# DESCRIPTION OF THE TASK:
Copy each line from the listing below where the word "BINGO" shows up.

Start of DATA FOR PROCESSING

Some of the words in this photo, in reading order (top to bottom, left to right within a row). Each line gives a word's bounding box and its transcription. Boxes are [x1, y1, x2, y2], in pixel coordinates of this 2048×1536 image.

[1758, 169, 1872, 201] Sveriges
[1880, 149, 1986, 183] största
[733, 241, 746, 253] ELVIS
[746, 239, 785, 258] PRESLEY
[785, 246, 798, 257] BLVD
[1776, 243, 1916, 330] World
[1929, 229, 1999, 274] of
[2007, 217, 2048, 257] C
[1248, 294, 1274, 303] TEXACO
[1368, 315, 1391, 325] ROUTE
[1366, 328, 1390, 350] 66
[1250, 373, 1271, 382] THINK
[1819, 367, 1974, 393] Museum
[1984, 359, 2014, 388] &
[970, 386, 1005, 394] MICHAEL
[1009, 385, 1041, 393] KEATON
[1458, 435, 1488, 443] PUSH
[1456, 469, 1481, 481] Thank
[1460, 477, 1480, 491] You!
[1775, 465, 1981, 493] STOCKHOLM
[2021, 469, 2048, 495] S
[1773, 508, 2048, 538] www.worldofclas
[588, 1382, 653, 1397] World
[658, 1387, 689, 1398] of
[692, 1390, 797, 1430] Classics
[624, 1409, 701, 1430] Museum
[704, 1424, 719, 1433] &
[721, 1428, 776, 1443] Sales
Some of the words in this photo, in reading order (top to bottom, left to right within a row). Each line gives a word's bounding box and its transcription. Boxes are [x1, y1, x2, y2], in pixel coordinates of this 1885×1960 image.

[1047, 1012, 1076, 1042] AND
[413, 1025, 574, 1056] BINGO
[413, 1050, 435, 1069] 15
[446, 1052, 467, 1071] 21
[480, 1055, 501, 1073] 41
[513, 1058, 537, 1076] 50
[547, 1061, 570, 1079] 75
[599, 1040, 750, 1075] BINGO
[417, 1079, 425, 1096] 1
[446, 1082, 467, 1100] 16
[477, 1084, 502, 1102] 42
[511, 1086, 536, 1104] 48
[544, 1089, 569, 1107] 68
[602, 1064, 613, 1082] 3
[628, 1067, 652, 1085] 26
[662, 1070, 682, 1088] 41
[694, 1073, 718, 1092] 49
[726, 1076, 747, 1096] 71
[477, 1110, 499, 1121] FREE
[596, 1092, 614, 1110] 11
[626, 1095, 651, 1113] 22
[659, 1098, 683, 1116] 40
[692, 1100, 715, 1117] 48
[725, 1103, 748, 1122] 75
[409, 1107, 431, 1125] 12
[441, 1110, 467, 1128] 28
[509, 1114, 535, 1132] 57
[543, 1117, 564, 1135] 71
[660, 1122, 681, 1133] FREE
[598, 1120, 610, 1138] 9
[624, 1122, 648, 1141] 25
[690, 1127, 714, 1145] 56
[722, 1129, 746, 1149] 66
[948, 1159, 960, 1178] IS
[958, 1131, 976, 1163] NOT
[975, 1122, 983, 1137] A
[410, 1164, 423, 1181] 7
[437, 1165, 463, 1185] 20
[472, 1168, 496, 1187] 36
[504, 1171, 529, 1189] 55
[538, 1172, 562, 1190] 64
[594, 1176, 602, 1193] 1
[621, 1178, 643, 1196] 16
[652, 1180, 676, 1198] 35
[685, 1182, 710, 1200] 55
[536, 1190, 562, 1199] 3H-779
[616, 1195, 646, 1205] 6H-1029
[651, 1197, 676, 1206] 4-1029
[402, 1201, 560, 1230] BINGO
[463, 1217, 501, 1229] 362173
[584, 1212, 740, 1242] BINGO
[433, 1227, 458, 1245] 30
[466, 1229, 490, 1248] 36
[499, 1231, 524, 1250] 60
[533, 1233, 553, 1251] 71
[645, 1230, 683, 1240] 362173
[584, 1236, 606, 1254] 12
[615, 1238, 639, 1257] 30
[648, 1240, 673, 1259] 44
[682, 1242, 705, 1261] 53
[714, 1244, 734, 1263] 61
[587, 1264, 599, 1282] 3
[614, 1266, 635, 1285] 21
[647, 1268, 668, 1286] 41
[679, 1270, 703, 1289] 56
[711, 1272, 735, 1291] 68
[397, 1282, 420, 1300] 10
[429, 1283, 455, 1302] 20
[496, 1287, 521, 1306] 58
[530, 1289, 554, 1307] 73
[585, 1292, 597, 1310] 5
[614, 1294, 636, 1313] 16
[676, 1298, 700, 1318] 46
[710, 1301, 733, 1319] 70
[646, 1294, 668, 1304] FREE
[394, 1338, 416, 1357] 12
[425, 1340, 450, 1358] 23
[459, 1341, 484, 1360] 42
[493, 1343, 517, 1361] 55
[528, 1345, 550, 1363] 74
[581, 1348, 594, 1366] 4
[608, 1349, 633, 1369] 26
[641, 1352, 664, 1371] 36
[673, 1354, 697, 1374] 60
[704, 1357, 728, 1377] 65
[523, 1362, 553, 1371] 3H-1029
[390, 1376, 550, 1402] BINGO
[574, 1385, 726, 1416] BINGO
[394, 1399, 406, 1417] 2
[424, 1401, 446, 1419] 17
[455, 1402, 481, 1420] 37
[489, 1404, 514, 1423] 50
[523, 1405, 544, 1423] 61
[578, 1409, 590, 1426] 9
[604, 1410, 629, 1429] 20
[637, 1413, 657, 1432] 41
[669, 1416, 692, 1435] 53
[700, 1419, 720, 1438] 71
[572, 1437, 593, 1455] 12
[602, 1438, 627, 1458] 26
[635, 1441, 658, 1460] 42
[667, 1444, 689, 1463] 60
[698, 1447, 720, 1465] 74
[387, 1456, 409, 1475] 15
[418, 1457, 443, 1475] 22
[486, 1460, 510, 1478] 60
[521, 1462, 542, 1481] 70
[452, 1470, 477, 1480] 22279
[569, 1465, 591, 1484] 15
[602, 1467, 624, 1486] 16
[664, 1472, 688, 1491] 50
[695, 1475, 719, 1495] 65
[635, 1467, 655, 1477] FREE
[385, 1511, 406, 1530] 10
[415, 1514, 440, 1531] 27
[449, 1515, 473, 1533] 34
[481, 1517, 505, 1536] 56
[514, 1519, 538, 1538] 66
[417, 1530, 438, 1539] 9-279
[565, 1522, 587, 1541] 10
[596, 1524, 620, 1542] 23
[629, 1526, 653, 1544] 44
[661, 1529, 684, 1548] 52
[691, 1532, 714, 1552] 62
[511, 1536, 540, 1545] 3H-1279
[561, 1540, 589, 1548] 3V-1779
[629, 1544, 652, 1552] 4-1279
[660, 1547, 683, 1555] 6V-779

End of DATA FOR PROCESSING

# ANSWER TO THIS TASK:
[413, 1025, 574, 1056] BINGO
[599, 1040, 750, 1075] BINGO
[402, 1201, 560, 1230] BINGO
[584, 1212, 740, 1242] BINGO
[390, 1376, 550, 1402] BINGO
[574, 1385, 726, 1416] BINGO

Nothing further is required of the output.